Após submergir desde a divulgação dos documentos, a oposição decidiu renovar os termos da nota divulgada no fim de semana passado. A ideia é não ser enfática de forma a desagradar Cunha, mas marcar uma posição para não ser acusada de silenciar sobre o caso.
O presidente da Casa, como na vez anterior, foi comunicado sobre a nova nota.
Apesar das acusações que pesam contra Cunha, os líderes da oposição têm preferido cautela nas manifestações públicas sobre o caso.
Nos bastidores, afirmam que não podem dar passos em falso para não inviabilizar o impeachment da presidente Dilma Rousseff, que depende em grande parte do aval do presidente da Câmara, a quem cabe deferir ou indeferir os pedidos de impedimento recebidos.
Em almoço com líderes nesta terça, Cunha sinalizou que pretende acabar com a polêmica com o STF (Supremo Tribunal Federal) sobre o rito que ele havia estabelecido para o pedido de impeachment.

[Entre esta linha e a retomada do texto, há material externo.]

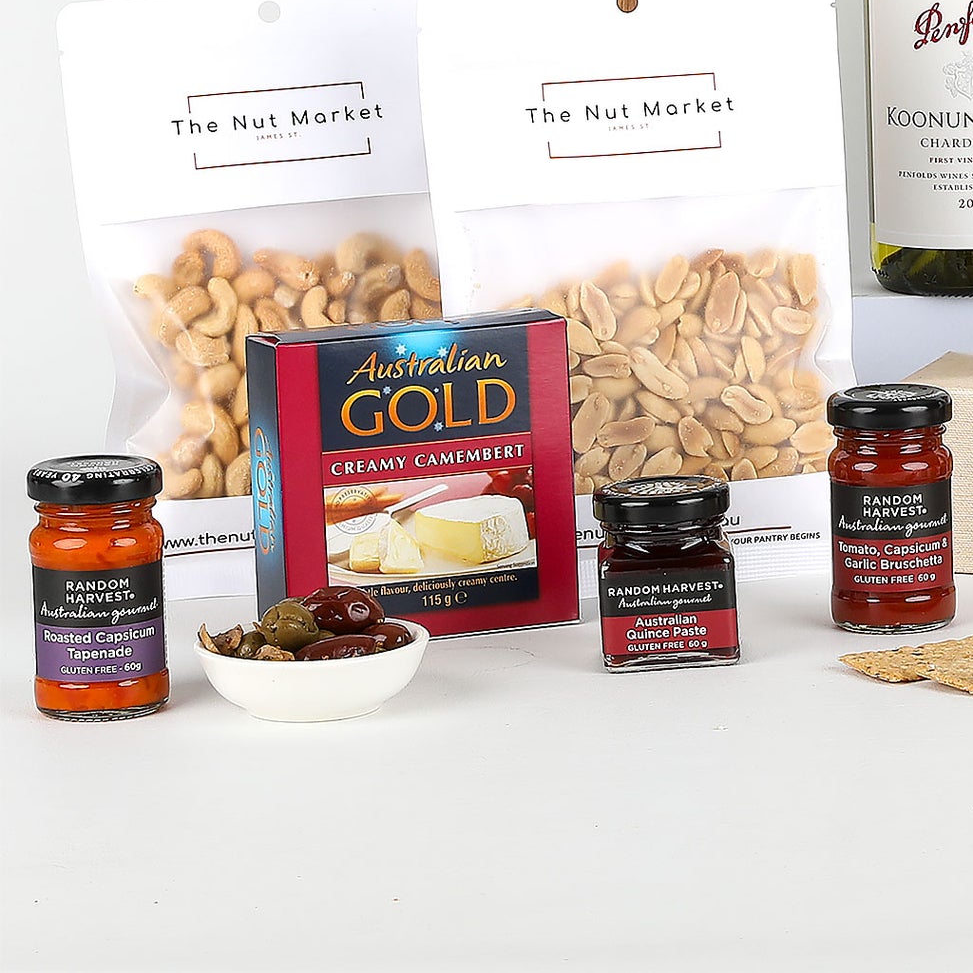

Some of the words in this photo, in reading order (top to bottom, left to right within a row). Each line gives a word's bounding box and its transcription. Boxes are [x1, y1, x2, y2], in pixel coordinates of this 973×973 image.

[525, 108, 571, 124] The
[585, 104, 629, 121] Nut
[644, 97, 734, 117] Market
[171, 119, 218, 136] The
[233, 114, 278, 131] Nut
[291, 104, 383, 126] Market
[256, 132, 284, 141] JAMES
[928, 156, 954, 164] FIRST
[898, 170, 938, 180] PENFOLDS
[940, 172, 969, 180] WINES
[347, 343, 507, 385] Australian
[340, 378, 517, 437] GOLD
[330, 456, 406, 476] CREAMY
[414, 444, 525, 468] CAMEMBERT
[61, 472, 82, 483] 40
[863, 494, 923, 506] RANDOM
[838, 515, 904, 533] Australian
[905, 513, 948, 538] gourmet
[754, 534, 788, 544] PANTRY
[790, 531, 821, 541] BEGINS
[838, 541, 881, 557] Tomato,
[883, 540, 941, 557] Capsicum
[941, 537, 949, 549] &
[844, 557, 877, 570] Garlic
[880, 554, 943, 570] Bruschetta
[66, 578, 130, 591] RANDOM
[381, 585, 411, 596] flavour,
[412, 578, 455, 593] deliciously
[457, 576, 488, 588] creamy
[489, 573, 518, 583] centre.
[854, 576, 888, 585] GLUTEN
[890, 574, 914, 584] FREE
[608, 583, 660, 598] RANDOM
[422, 594, 443, 607] 115
[444, 595, 451, 608] g
[618, 596, 672, 610] Australian
[672, 593, 713, 610] gourmet
[40, 601, 109, 619] Australian
[111, 598, 159, 625] gourmet
[635, 614, 698, 628] Australian
[43, 629, 92, 645] Roasted
[95, 626, 155, 646] Capsicum
[626, 628, 670, 641] Quince
[673, 626, 707, 638] Paste
[627, 642, 662, 652] GLUTEN
[663, 641, 685, 650] FREE
[67, 646, 133, 663] Tapenade
[60, 666, 94, 675] GLUTEN
[95, 665, 118, 674] FREE
[124, 662, 142, 673] 60g

Cunha teria dito que se não obtiver até o dia 15 de novembro resposta a recurso que apresentou contra essas liminares, irá revogar o rito que havia proposto para o impeachment, levando a questão "à estaca zero". O objetivo seria tentar tirar do STF o poder de definir de que forma se dará esse procedimento.
Estiveram no almoço os líderes do PMDB, Leonardo Picciani (RJ), do PSD, Rogério Rosso (DF), do PTB, Jovair Arantes (GO), do PP, Eduardo da Fonte (PE), do PRB, Celso Russomanno (SP), do PSC, André Moura (SE), e do nanico PHS, Marcelo Aro (MG).